» **Task requirements**:
Your answer must be the full listing, reproduced exactly, minus any pictures.

» **Exercise input**:

[Start of Attachment]

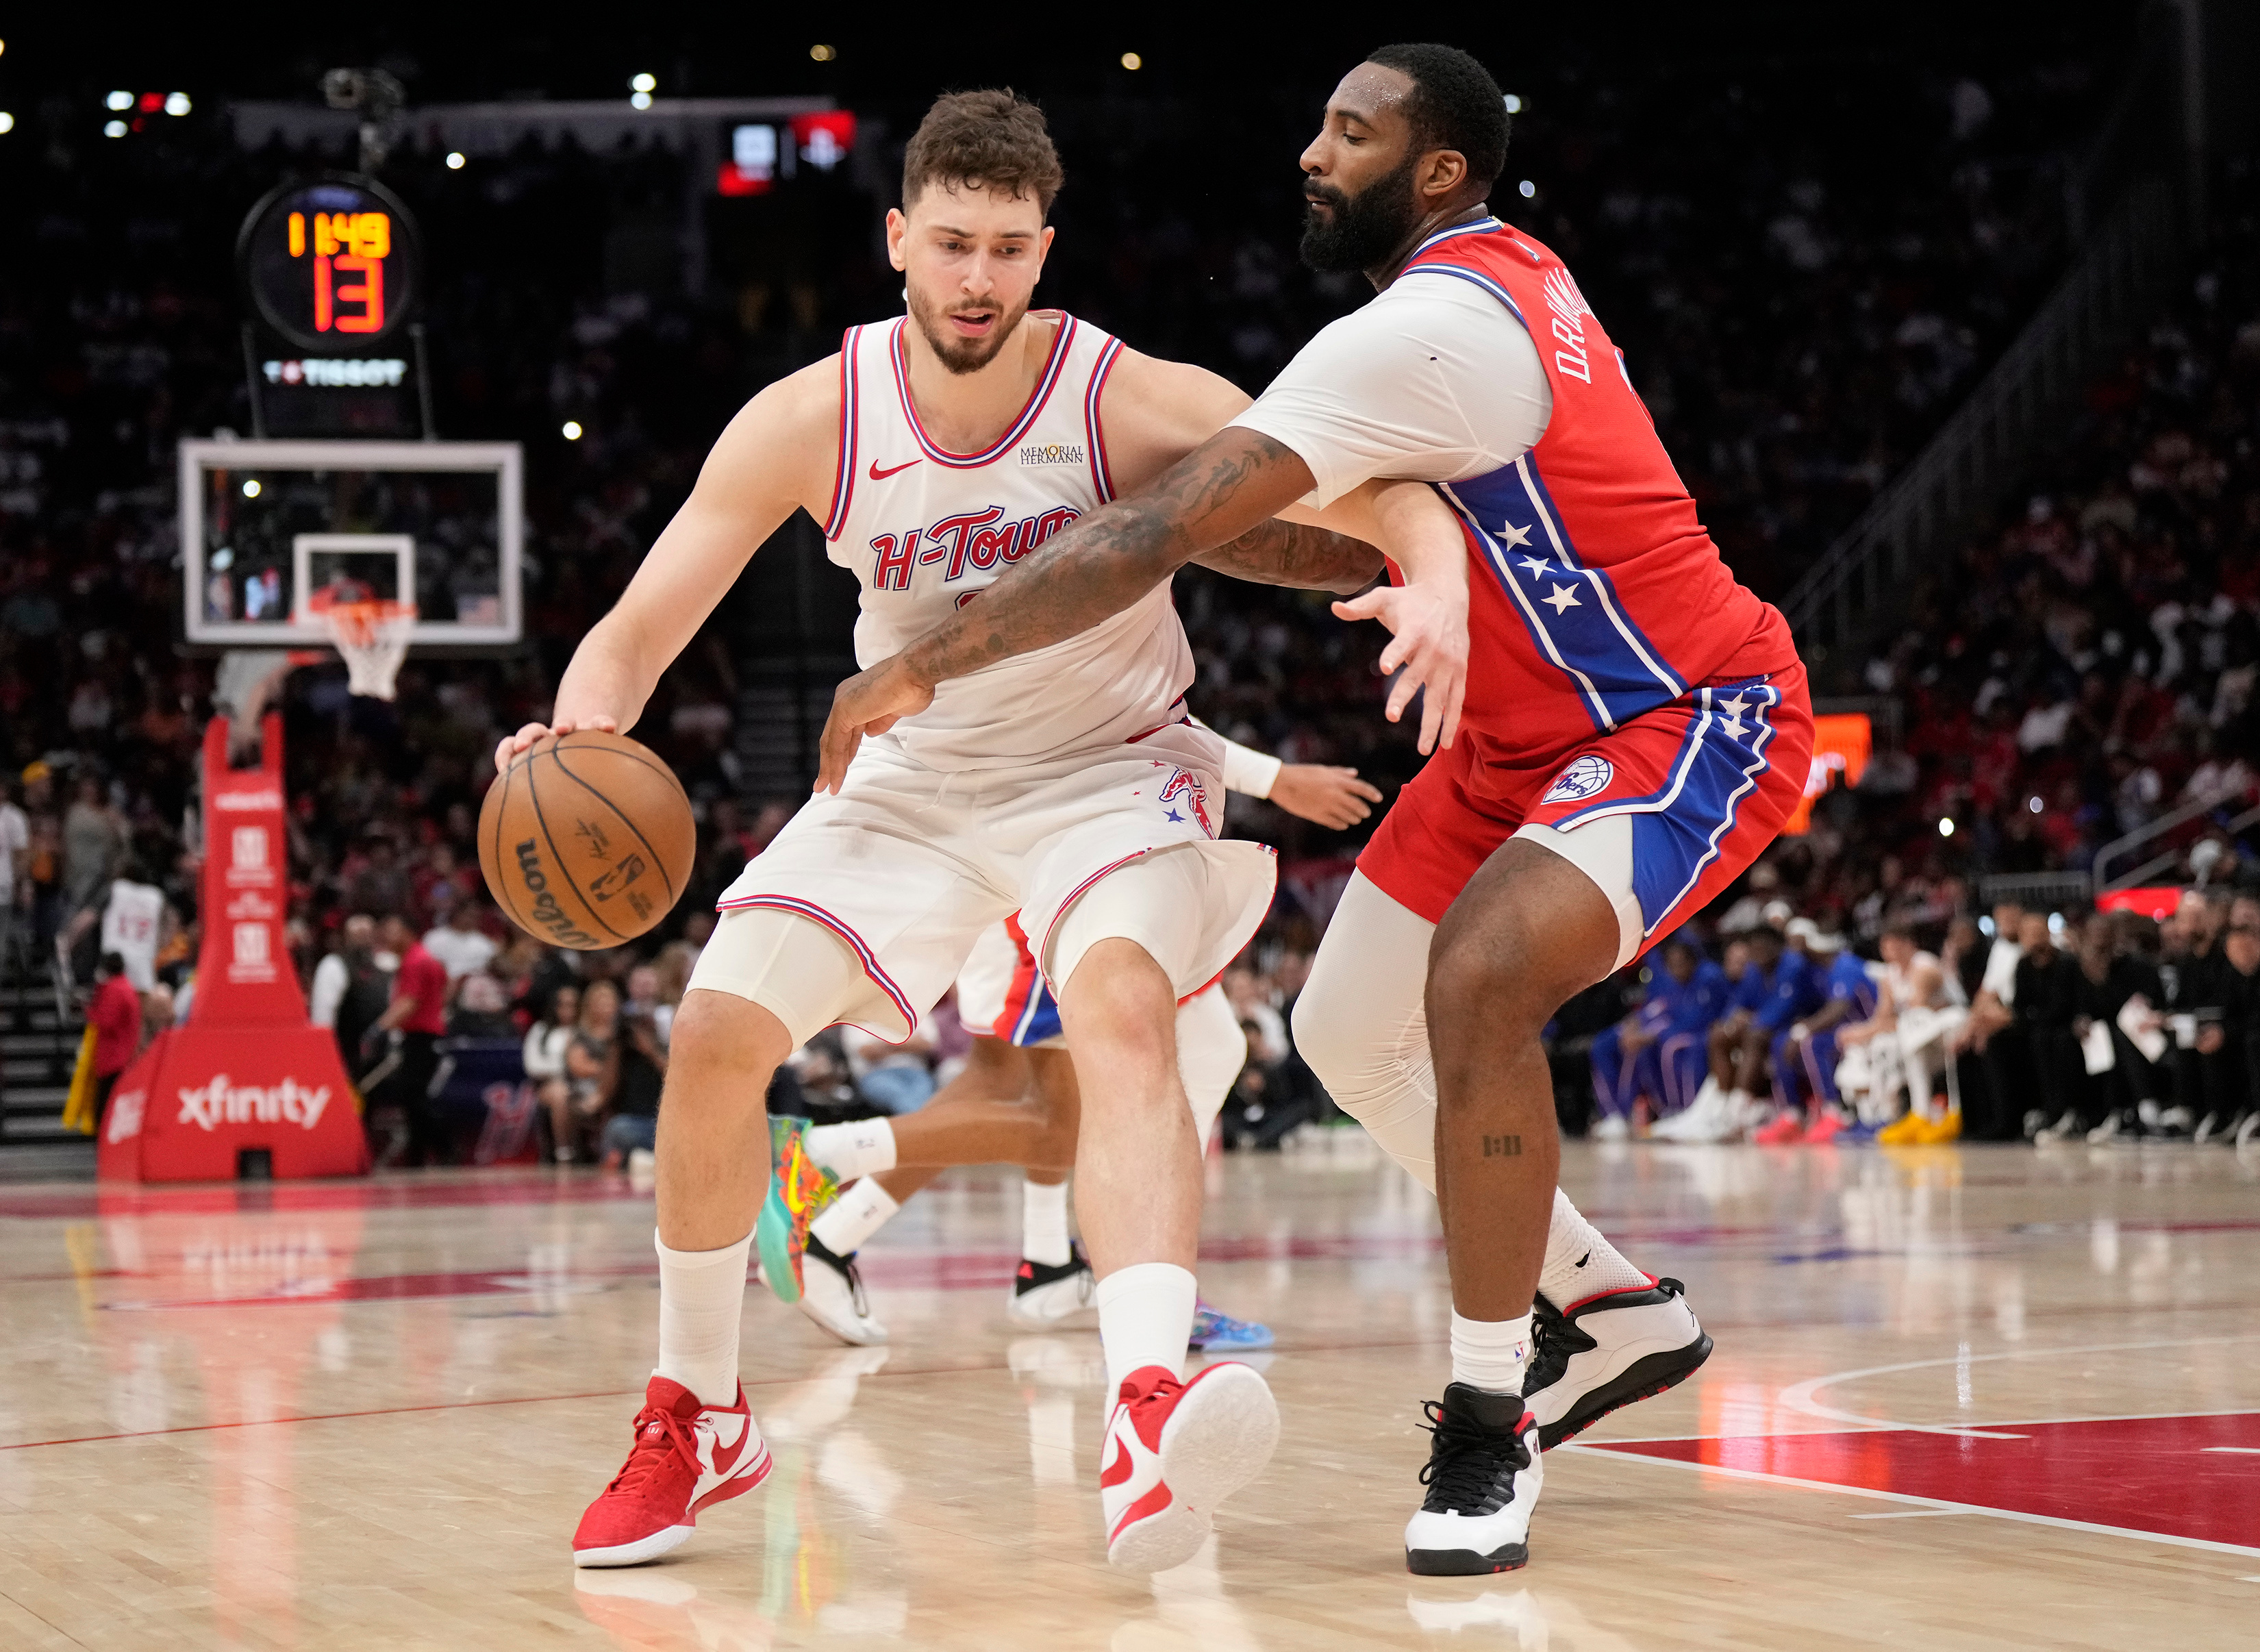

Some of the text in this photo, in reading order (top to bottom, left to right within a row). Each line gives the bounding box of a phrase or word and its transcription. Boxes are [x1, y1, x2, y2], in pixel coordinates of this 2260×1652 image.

[288, 212, 390, 258] 11:49
[314, 254, 384, 333] 13
[1544, 267, 1600, 384] DRUMMO
[1020, 445, 1083, 457] MEMORIAL
[1020, 454, 1083, 464] HERMANN
[516, 837, 601, 947] Wilson
[177, 1072, 332, 1132] xfinity
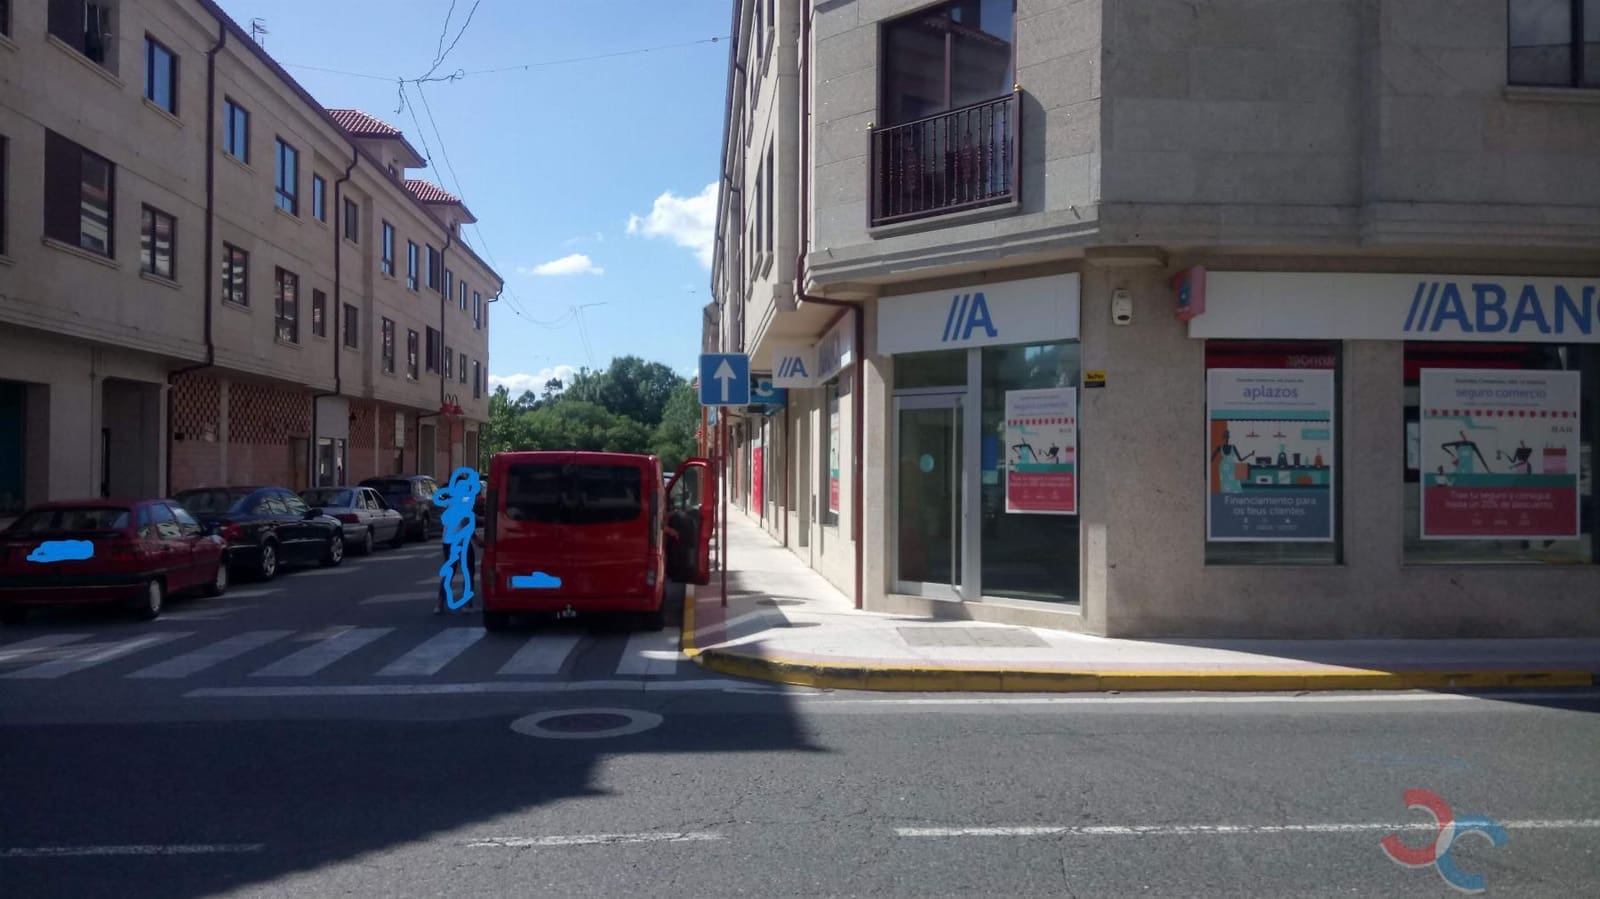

[End of Attachment]

» **Solution to this problem**:
Some of the text in this photo, in reading order (top to bottom, left to right within a row). Each line gives the bounding box of a phrase or word and its transcription. Boxes are [x1, y1, x2, y2], in pixel coordinates of this 2260×1652 image.

[288, 212, 390, 258] 11:49
[314, 254, 384, 333] 13
[1544, 267, 1600, 384] DRUMMO
[1020, 445, 1083, 457] MEMORIAL
[1020, 454, 1083, 464] HERMANN
[516, 837, 601, 947] Wilson
[177, 1072, 332, 1132] xfinity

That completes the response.